Data buoy on Maine’s Lake Auburn tracks important drinking water source

By on October 4, 2013
The Lake Auburn data buoy was launched in July (Credit: Kate Paladin)

The water in Lake Auburn in Southwest Maine is so clear that drinking water managers don’t have to filter it before sending it through the faucets in the cities of Auburn and Lewiston.

But a recent uptick in algae blooms–including one in 2012 that resulted in early fall anoxia and the death of more than 200 trout–has the water district concerned it could one day lose the waiver that exempts it from filtering requirements.

“They’re really worried about maintaining water quality to keep the filtration waiver and to be able to continue to deliver high quality water,” said Holly Ewing, an associate professor of environmental studies at Bates College in Lewiston. “Building and maintaining a filtration plant would require borrowing money and in the end likely more than quadruple the cost of our water,”

A collaboration between the Auburn Water District and Bates College this summer brought a water quality monitoring buoy to the lake that should bolster scientific understanding of how the waterbody functions.
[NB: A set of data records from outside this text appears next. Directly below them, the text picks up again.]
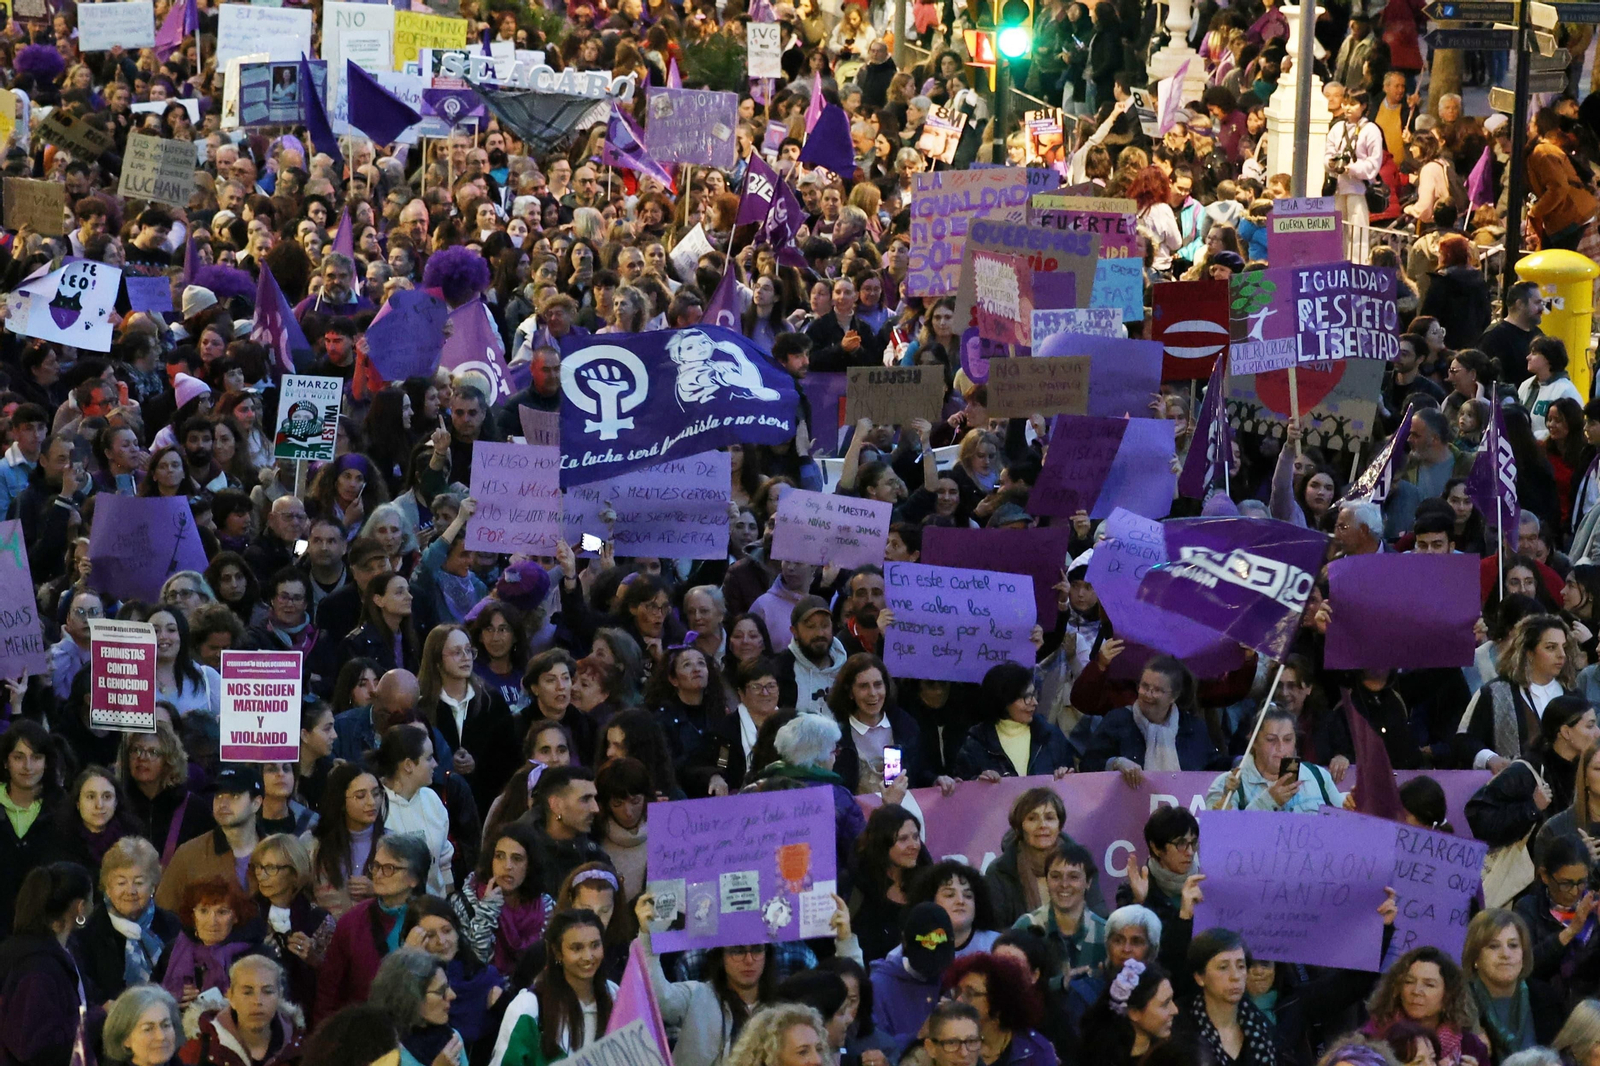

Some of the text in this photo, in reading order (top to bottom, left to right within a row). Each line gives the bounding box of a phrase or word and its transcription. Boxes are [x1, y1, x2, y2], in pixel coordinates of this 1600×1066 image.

[336, 10, 365, 27] NO
[752, 27, 778, 41] IVG
[917, 172, 942, 191] LA
[1041, 214, 1128, 234] FUERTE
[1299, 268, 1389, 293] IGUALDAD
[1298, 294, 1397, 332] RESPETO
[1297, 326, 1400, 362] LIBERTAD
[286, 379, 338, 390] 8 MARZO
[319, 404, 339, 460] PALESTINA
[582, 449, 623, 467] lucha
[627, 444, 659, 461] será
[723, 415, 735, 427] o
[735, 415, 757, 426] no
[758, 413, 791, 431] será
[294, 450, 321, 459] FREE
[481, 452, 558, 471] VENGO HOY
[693, 460, 717, 478] DE
[480, 478, 510, 496] MIS
[628, 485, 679, 501] MENTES
[480, 503, 502, 522] NO
[509, 508, 546, 523] VENIR
[838, 504, 876, 519] MAESTRA
[477, 525, 558, 549] POR ELLAS
[657, 529, 717, 546] ABIERTA
[889, 565, 910, 587] En
[916, 570, 945, 589] este
[998, 583, 1016, 593] no
[891, 595, 991, 617] me caben las
[889, 617, 1013, 641] razones por las
[100, 646, 146, 660] FEMINISTAS
[892, 641, 917, 660] que
[932, 641, 963, 666] estoy
[107, 662, 138, 675] CONTRA
[98, 676, 149, 691] EL GENOCIDIO
[227, 683, 295, 697] NOS SIGUEN
[108, 692, 138, 706] EN GAZA
[233, 699, 289, 713] MATANDO
[257, 715, 264, 728] Y
[230, 731, 288, 745] VIOLANDO
[1276, 825, 1324, 849] NOS
[1396, 828, 1484, 869] RIARCADO
[1225, 850, 1377, 880] QUITARON
[1257, 879, 1351, 906] TANTO
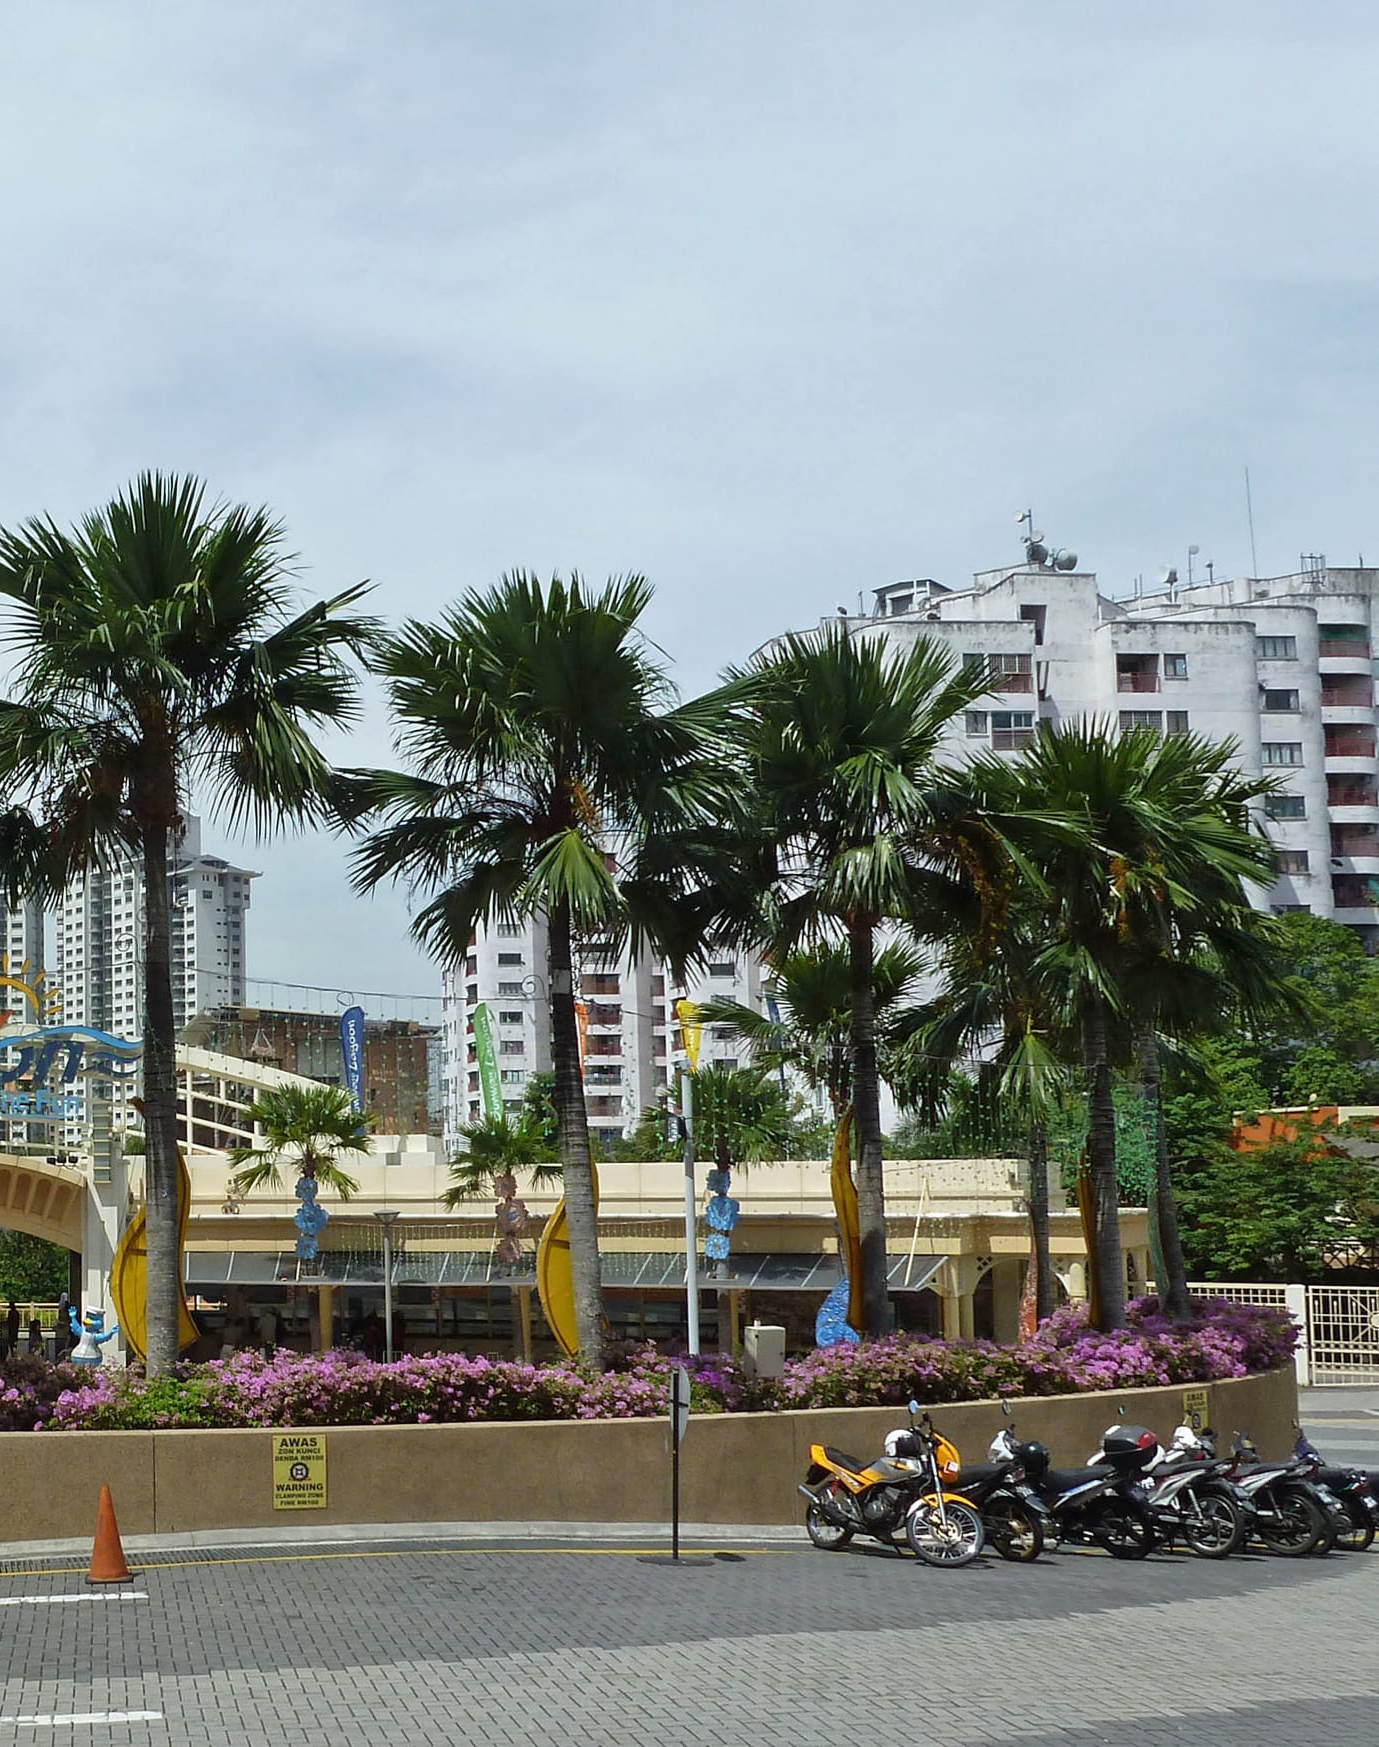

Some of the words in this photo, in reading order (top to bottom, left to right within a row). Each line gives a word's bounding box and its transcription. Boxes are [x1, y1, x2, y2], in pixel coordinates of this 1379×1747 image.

The continuous data will give researchers a better grasp of process that affect the water’s clarity and the health of the coldwater fishery.

The project came about after Ewing’s research collaborations on buoy-equipped lakes in the region demonstrated the value of long-term, high-resolution data. She contributed to a study on the effect of Hurricane Irene on nine lakes throughout New England. Strings of temperature sensors suspended from buoys helped show the how the extreme weather altered the lakes’ thermal structures.

Ewing also has experience with one of the algae species causing trouble in Lake Auburn: Gloeotrichia echinulata. Blooms of this cyanobacteria have become much larger recently both in Lake Auburn and other northeastern lakes where scientists have not previously noticed them.

“It’s a species that normally shows up in lakes with higher nutrient concentrations and it’s showing up in these low-nutrient lakes,” Ewing said.

The species fixes nitrogen and removes phosphorous from the sediment, and so may be able to change the way nutrients move in the lake.

The buoy temperature and dissolved oxygen profiles (Credit: Holly Ewing)

The buoy temperature and dissolved oxygen profiles (Credit: Holly Ewing)

To get a better picture of what’s happening in the lake and how it relates to issues such as anoxia, algal blooms and lake mixing, Ewing worked with the water district to install a buoy monitoring system. The buoy supports a string of thermistors that measure temperature at 13 depths ranging from a half-meter to 32 meters down. Dissolved oxygen concentration and saturation is measured at three depths. They also added a photosynthetically active radiation sensor to the district’s weather station.

By combining the data from the buoy with other parameters already monitored by the water district, the researchers hope to understand the thermal structure of the lake, where and when it becomes anoxic, and what happens with nutrients when that happens.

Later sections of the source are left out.